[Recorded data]
====

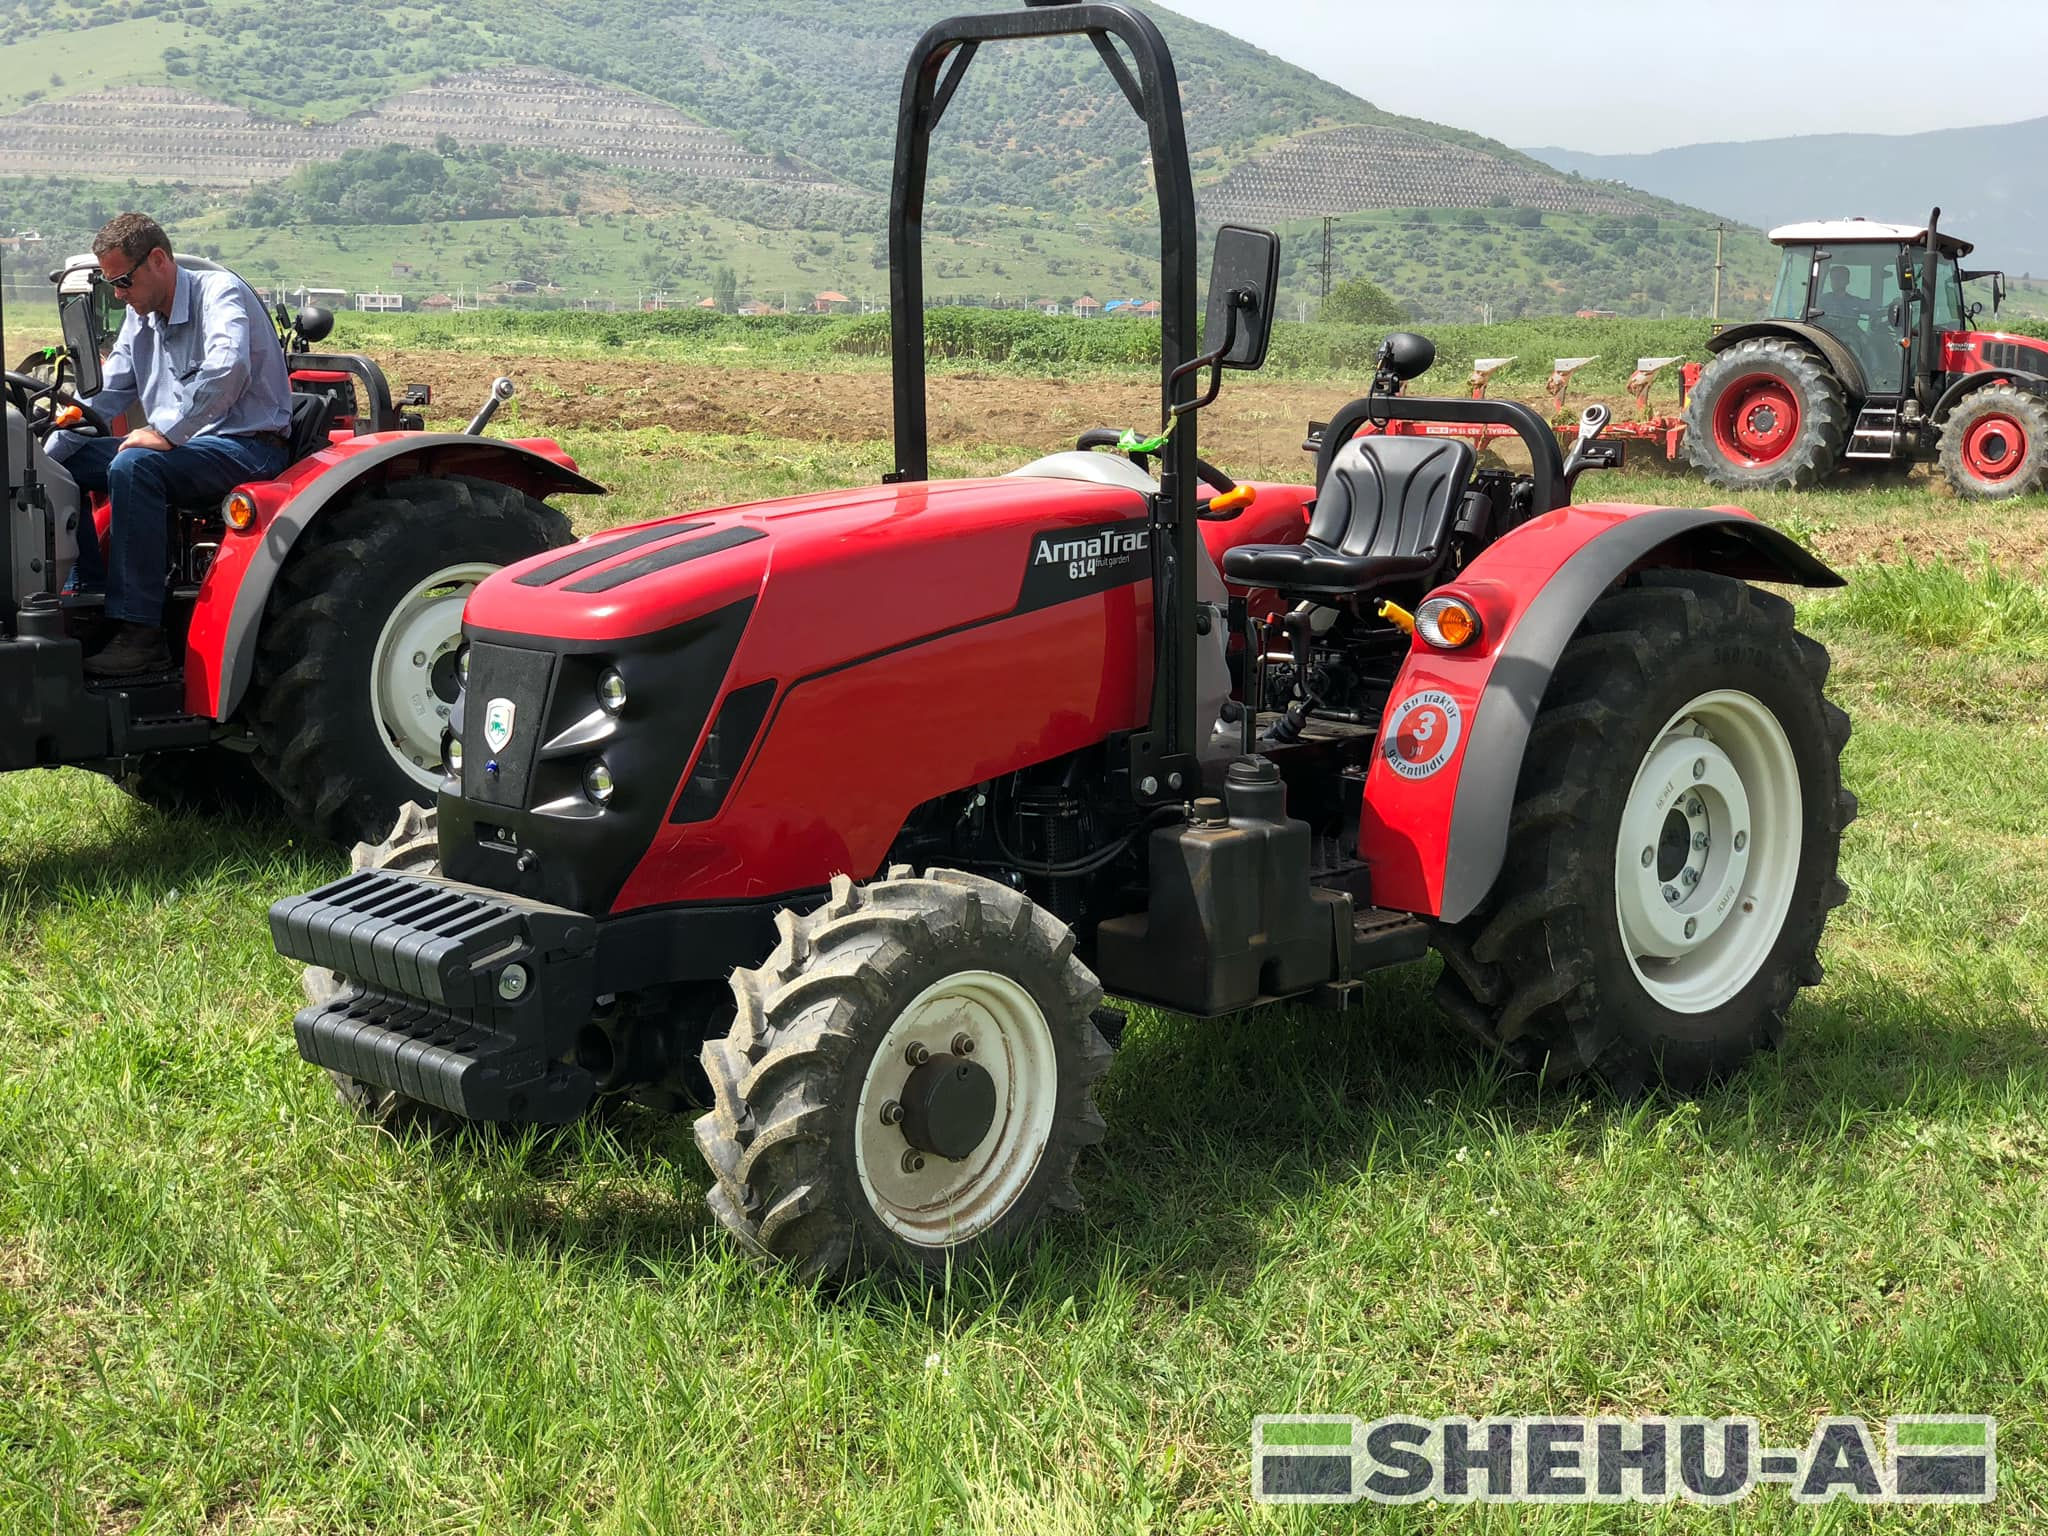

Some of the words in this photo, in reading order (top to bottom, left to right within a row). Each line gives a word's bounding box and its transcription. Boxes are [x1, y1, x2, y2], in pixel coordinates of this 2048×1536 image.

[1034, 531, 1149, 566] ArmaTrac
[1069, 558, 1096, 580] 614
[1096, 556, 1108, 568] fruit
[1108, 554, 1130, 568] garden
[1402, 698, 1419, 713] Bu
[1424, 694, 1457, 719] traktör
[1412, 711, 1437, 740] 3
[1387, 748, 1445, 776] garantilidir
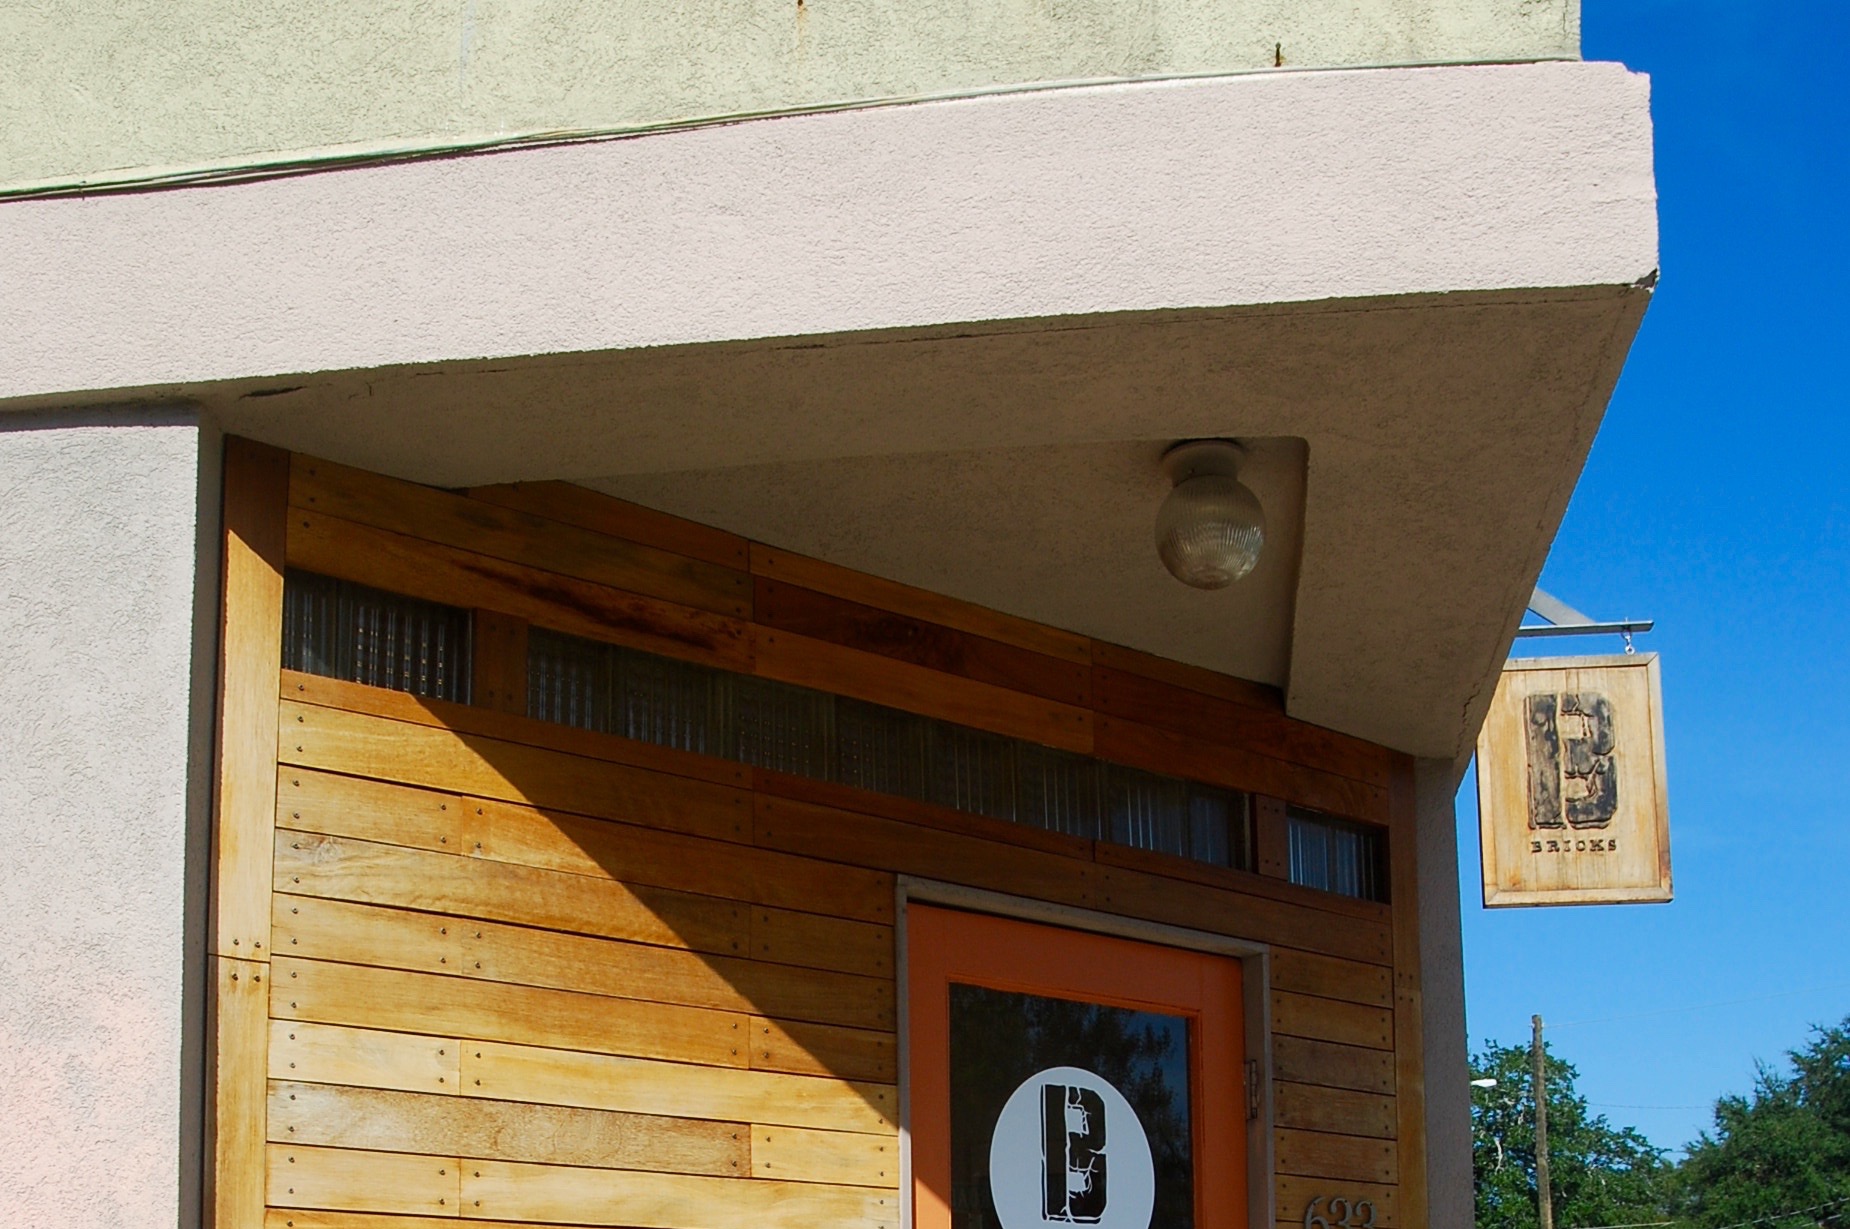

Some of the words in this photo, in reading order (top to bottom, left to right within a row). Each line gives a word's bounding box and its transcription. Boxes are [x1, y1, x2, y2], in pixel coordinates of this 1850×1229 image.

[1523, 692, 1618, 830] B
[1531, 838, 1617, 854] BRICKS
[1040, 1084, 1107, 1224] B

====

▶ _Task statement_
Leave every image out and retype the entries above word for word.

▶ _Your solution_
Some of the words in this photo, in reading order (top to bottom, left to right within a row). Each line gives a word's bounding box and its transcription. Boxes are [x1, y1, x2, y2], in pixel coordinates of this 2048×1536 image.

[1034, 531, 1149, 566] ArmaTrac
[1069, 558, 1096, 580] 614
[1096, 556, 1108, 568] fruit
[1108, 554, 1130, 568] garden
[1402, 698, 1419, 713] Bu
[1424, 694, 1457, 719] traktör
[1412, 711, 1437, 740] 3
[1387, 748, 1445, 776] garantilidir

Some of the words in this photo, in reading order (top to bottom, left to right within a row). Each line gives a word's bounding box and its transcription. Boxes are [x1, y1, x2, y2], in pixel coordinates of this 1850×1229 image.

[1523, 692, 1618, 830] B
[1531, 838, 1617, 854] BRICKS
[1040, 1084, 1107, 1224] B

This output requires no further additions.